SOURCE INFORMATION
****************************************

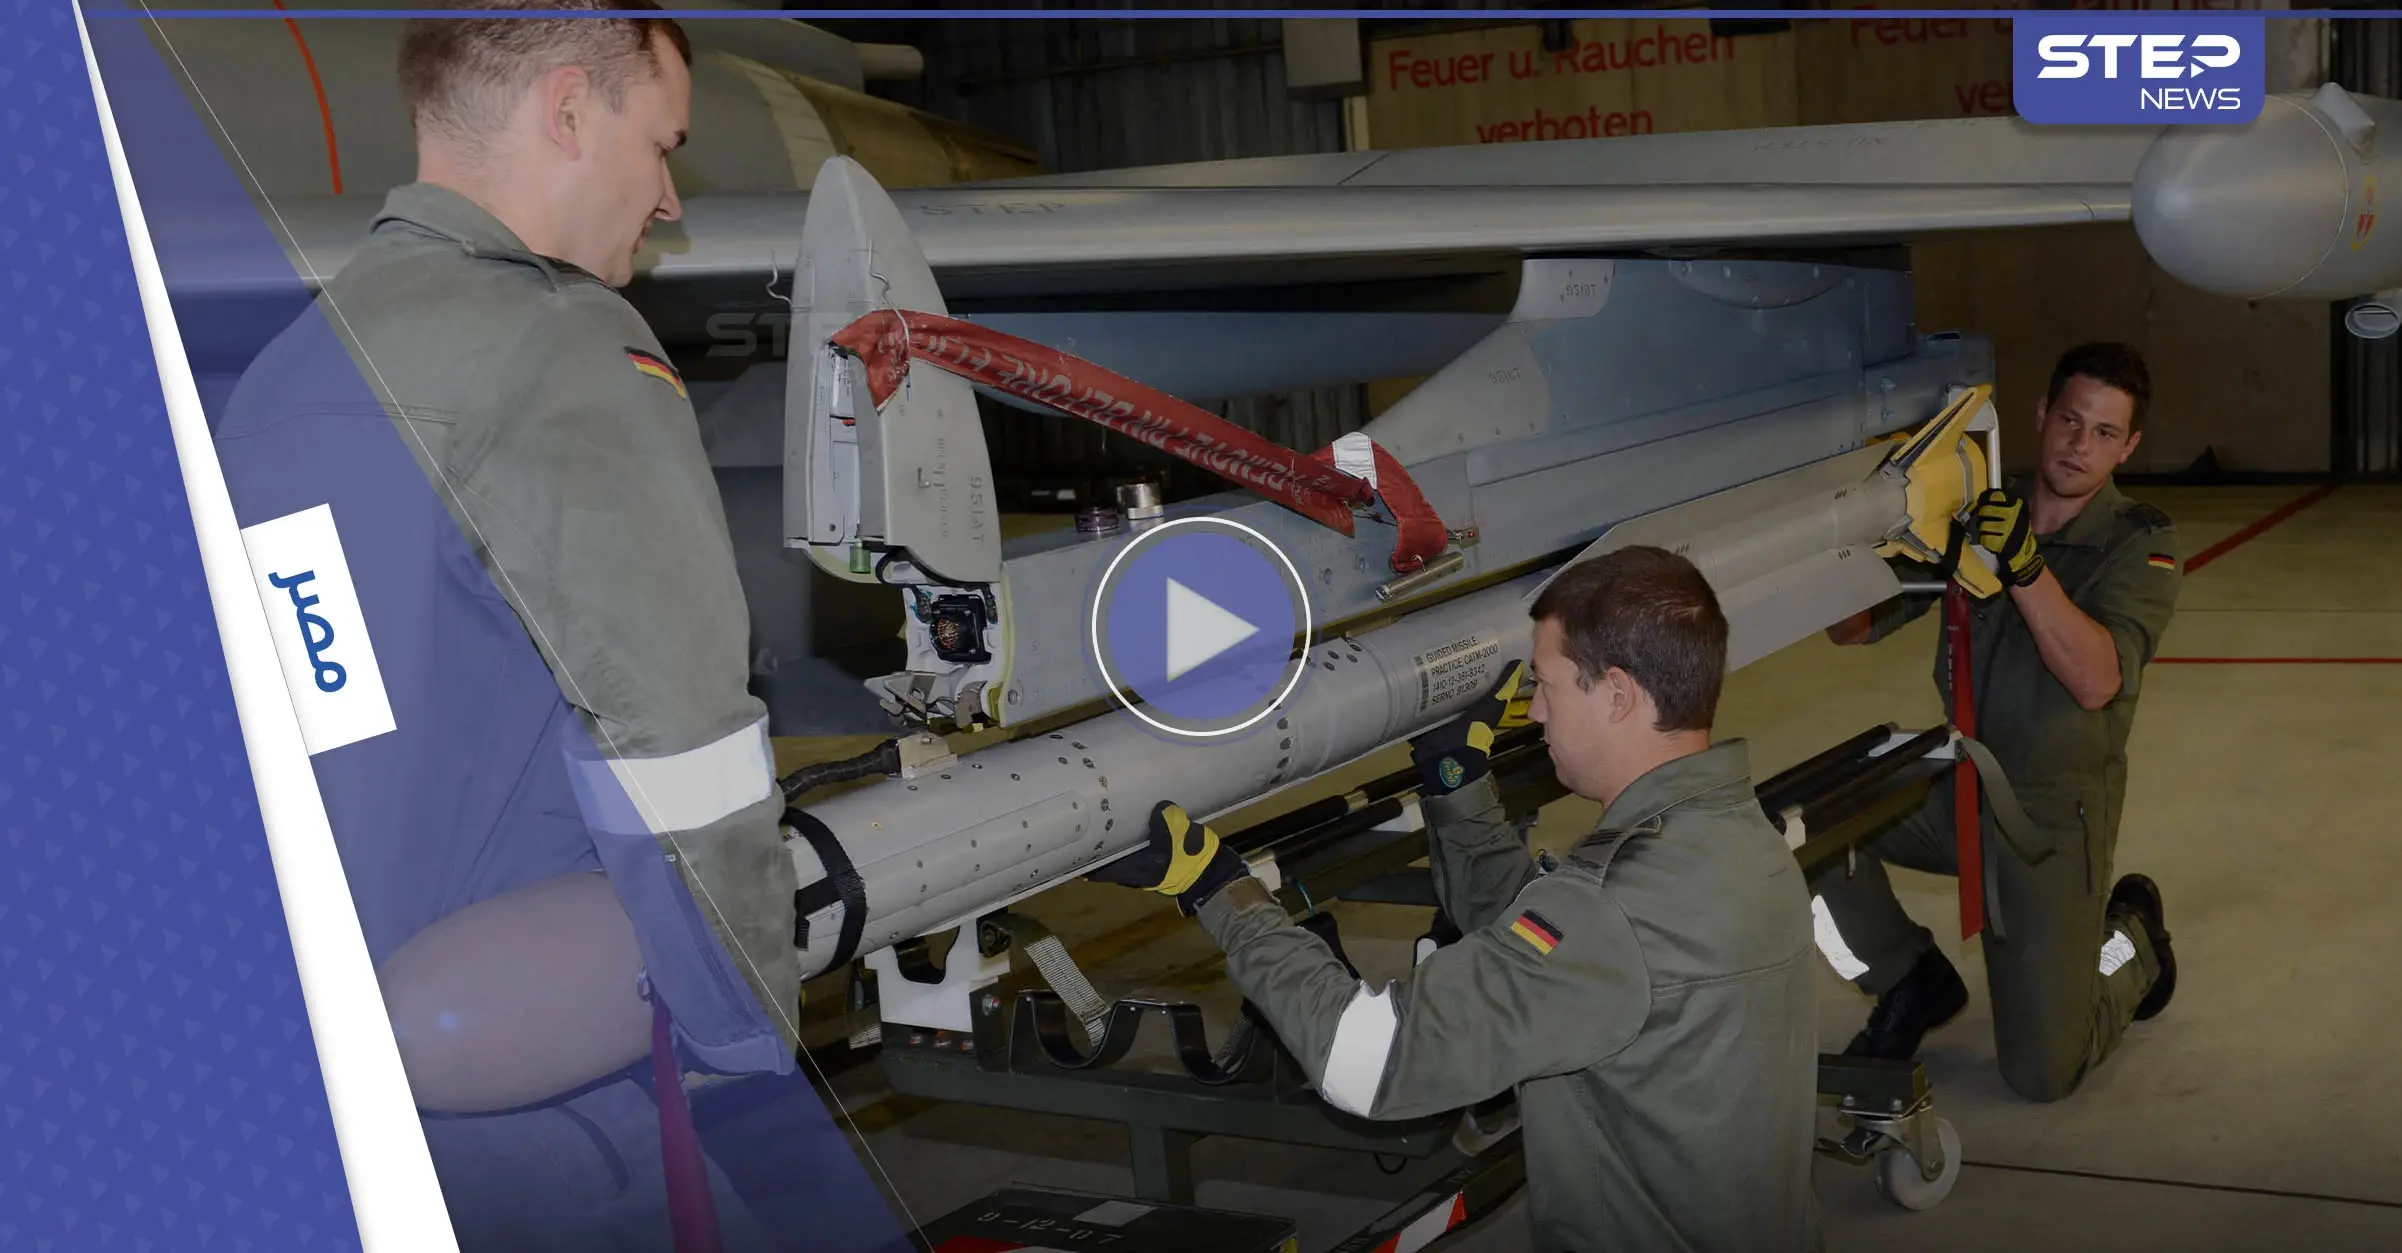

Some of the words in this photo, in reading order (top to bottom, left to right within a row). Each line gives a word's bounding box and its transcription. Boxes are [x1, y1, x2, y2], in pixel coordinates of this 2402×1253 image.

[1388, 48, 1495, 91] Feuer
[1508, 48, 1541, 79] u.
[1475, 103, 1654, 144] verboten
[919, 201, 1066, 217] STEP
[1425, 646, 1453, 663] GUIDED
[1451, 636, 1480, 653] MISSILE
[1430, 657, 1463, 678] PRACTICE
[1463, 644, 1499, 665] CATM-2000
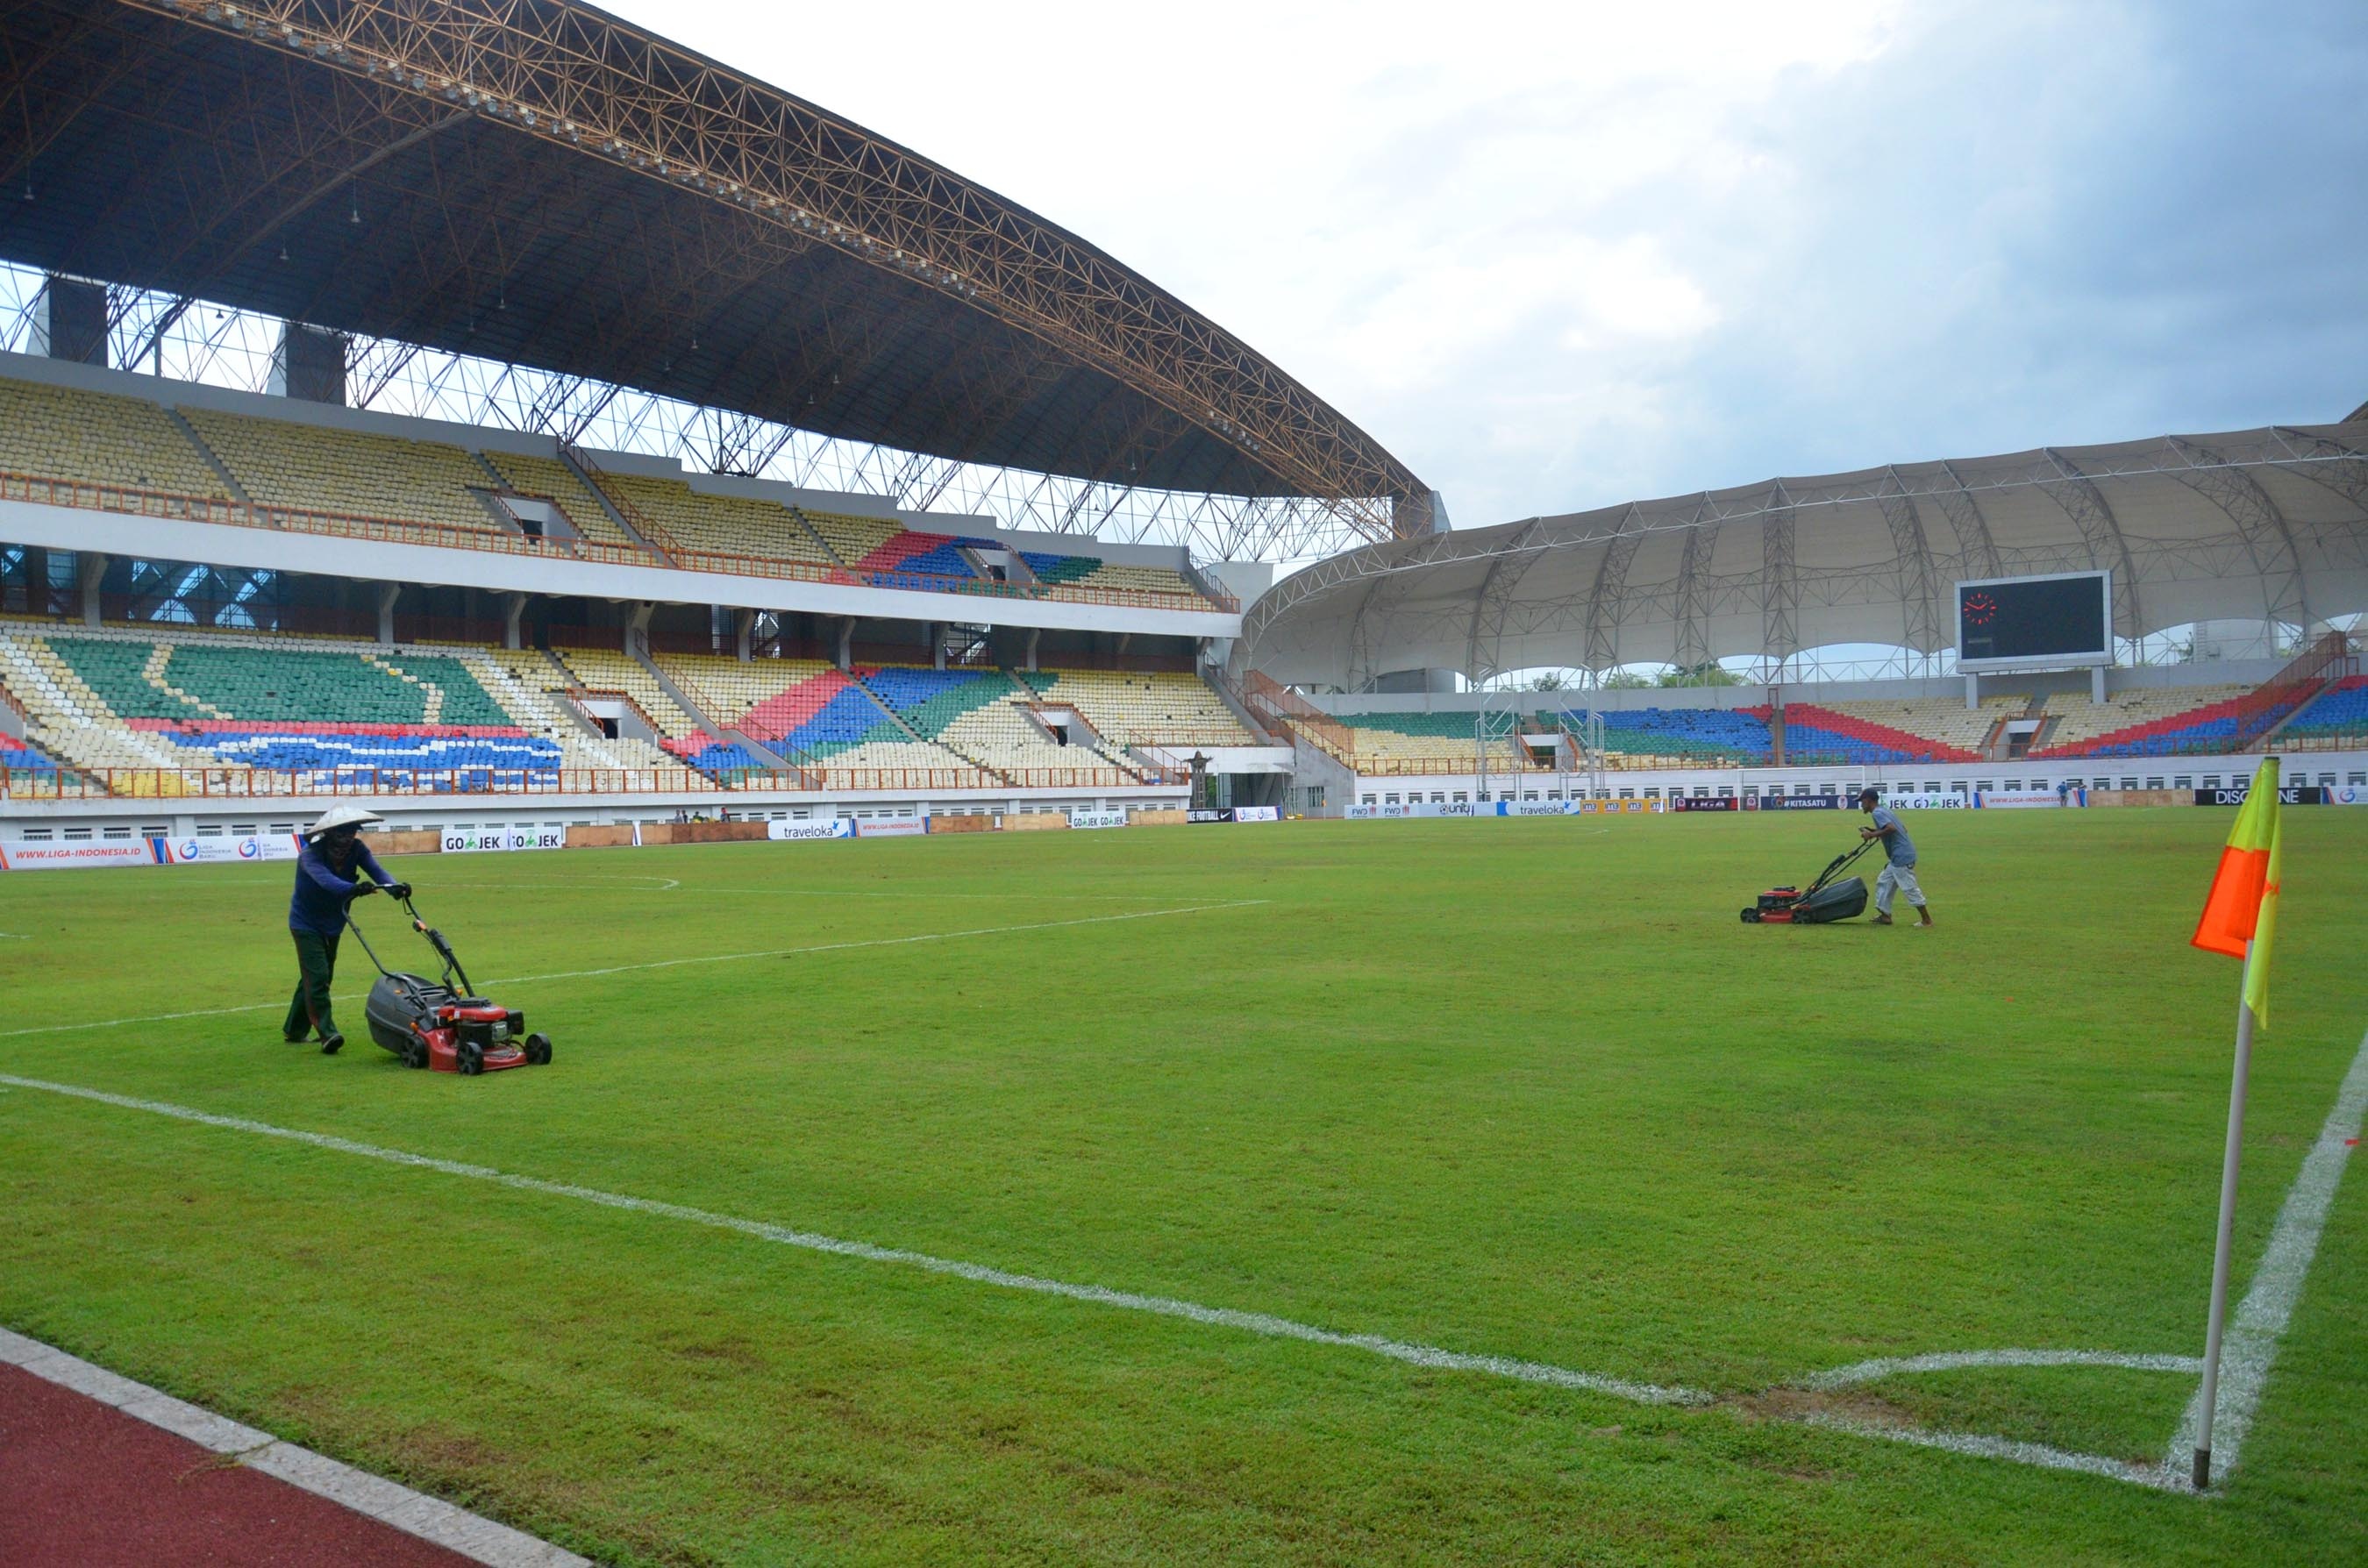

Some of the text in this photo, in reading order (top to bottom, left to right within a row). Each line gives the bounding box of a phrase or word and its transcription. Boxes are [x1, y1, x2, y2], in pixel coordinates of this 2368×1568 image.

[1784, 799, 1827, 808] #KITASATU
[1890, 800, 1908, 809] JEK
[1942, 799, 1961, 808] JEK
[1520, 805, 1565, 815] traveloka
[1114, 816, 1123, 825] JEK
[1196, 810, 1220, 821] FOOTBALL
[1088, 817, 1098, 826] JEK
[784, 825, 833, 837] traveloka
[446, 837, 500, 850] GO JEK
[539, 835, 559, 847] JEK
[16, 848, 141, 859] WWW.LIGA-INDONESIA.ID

****************************************

INSTRUCTIONS TO FOLLOW
Copy, without any change, the run of lines from the one with "Some of the text" through the end of the entries above.

PROBLEM SOLUTION
Some of the text in this photo, in reading order (top to bottom, left to right within a row). Each line gives the bounding box of a phrase or word and its transcription. Boxes are [x1, y1, x2, y2], in pixel coordinates of this 2368×1568 image.

[1784, 799, 1827, 808] #KITASATU
[1890, 800, 1908, 809] JEK
[1942, 799, 1961, 808] JEK
[1520, 805, 1565, 815] traveloka
[1114, 816, 1123, 825] JEK
[1196, 810, 1220, 821] FOOTBALL
[1088, 817, 1098, 826] JEK
[784, 825, 833, 837] traveloka
[446, 837, 500, 850] GO JEK
[539, 835, 559, 847] JEK
[16, 848, 141, 859] WWW.LIGA-INDONESIA.ID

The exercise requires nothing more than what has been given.